II: Learning Grammatical Systems Under Constraint
One of the clearest demonstrations of experimental syntax comes from work on grammatical gender. Languages such as French and Spanish encode gender as a pervasive but semantically opaque feature, posing a puzzle: children acquire these systems rapidly and robustly, while adult learners struggle.
Experimental studies show that children preferentially rely on phonological cues, such as noun endings, over semantic cues like natural gender. Crucially, experiments can equate the reliability of these cues, revealing an underlying bias toward formally consistent, distributional information. Gender systems thus illustrate a general principle: learners are not passive recipients of input but active system-builders, guided by biases that privilege certain kinds of structure.
III: Syntax Learning Beyond Surface Fluency
Naturalistic child speech often appears deceptively adult-like. Experimental work reveals that beneath this surface fluency lie significant learning challenges. Children show persistent difficulty with noun phrase word order patterns that mix head directionality, even when these patterns are common in the ambient language.
Such findings demonstrate that acquisition is gradual and structurally sensitive. Mastery is not simply a matter of frequency or exposure but reflects deeper preferences for consistency and simplicity. Experimental syntax thus uncovers stages of grammatical development that are invisible in corpus data alone.
IV: Constructed Languages and the Limits of Learnability
Artificial language learning paradigms play a crucial role in Culbertson’s research program. By stripping away the idiosyncrasies of natural languages, constructed systems allow precise manipulation of grammatical features. Researchers can test patterns that are rare or unattested cross-linguistically, probing the boundaries of what humans can learn.

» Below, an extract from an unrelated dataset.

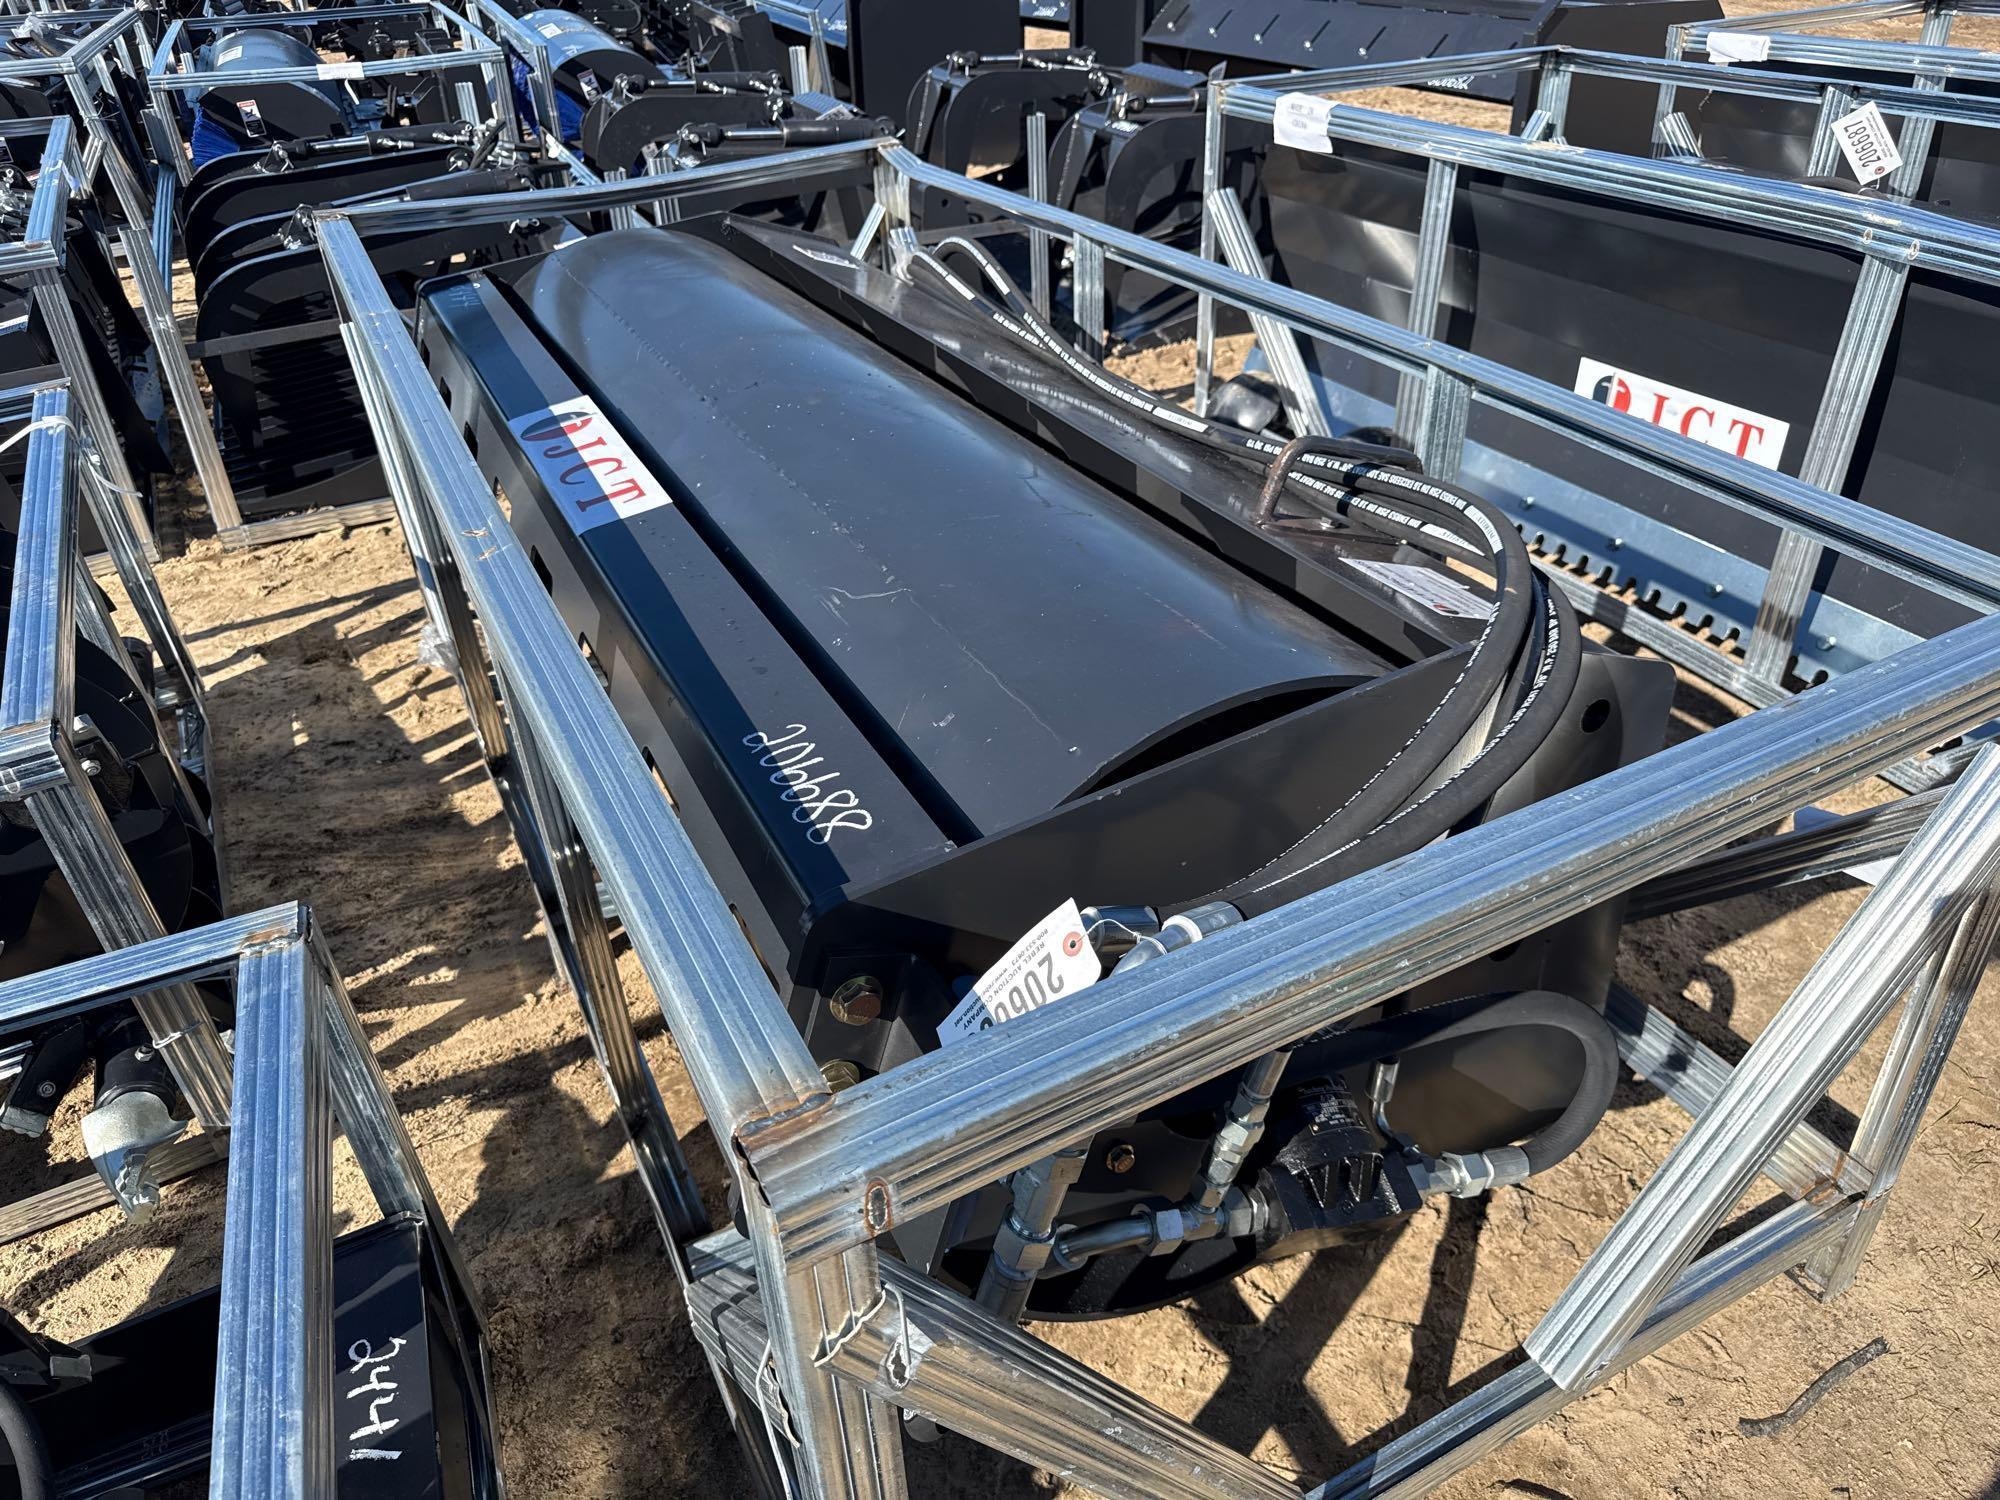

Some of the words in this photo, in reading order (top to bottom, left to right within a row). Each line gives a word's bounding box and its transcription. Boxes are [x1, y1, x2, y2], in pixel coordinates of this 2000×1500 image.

These experiments are complemented by computational models that formalize hypotheses about learning mechanisms. Importantly, the models are grounded in experimental results rather than inherited syntactic assumptions. This reverses the traditional flow of explanation: theory is constrained by learnability, not the other way around.
V: Learning Bias and Formal Grammar
A central challenge is integrating experimental findings into formal linguistic theory. Many syntactic frameworks describe what grammars can generate but say little about how those grammars are learned. Culbertson’s work highlights this limitation.
Optimality Theory provides one avenue forward. Because OT encodes preferences and constraints, it naturally accommodates learning biases. Patterns that are easier to acquire correspond to grammars with simpler or more harmonious constraint rankings. By contrast, Minimalist approaches lack an explicit representational space for bias, making it difficult to connect formal derivations with experimental results.
VI: Syntax as a Cognitive System
Culbertson argues that syntactic theory must be psychologically realistic. Syntax is computed in real time, under memory and attentional constraints, and interacts with perception and action. Treating syntax as an isolated formal module obscures its role within the broader cognitive architecture.
This perspective aligns experimental syntax with cognitive science and psycholinguistics. Hierarchical structure, linear order, and meaning are not competing explanations but interacting dimensions of a single system.
VII: Typological Universals and Simplicity
One of the most striking cross-linguistic patterns is syntactic harmony: languages tend to align head-dependent orderings across constructions. While traditionally explained via parameters, experimental work suggests a complementary explanation rooted in cognition.
Simpler grammars, those requiring fewer rules, are easier to learn and process. Learners exhibit a bias toward uniformity, which over time shapes typological distributions. This does not eliminate linguistic structure; rather, it grounds typology in general cognitive pressures.
VIII: Naturalness, Salience, and Word Order
Not all biases reduce to simplicity. Perceptual and semantic factors also shape grammar. Experiments demonstrate a preference for placing animate entities earlier in sentences, reflecting their salience in human cognition.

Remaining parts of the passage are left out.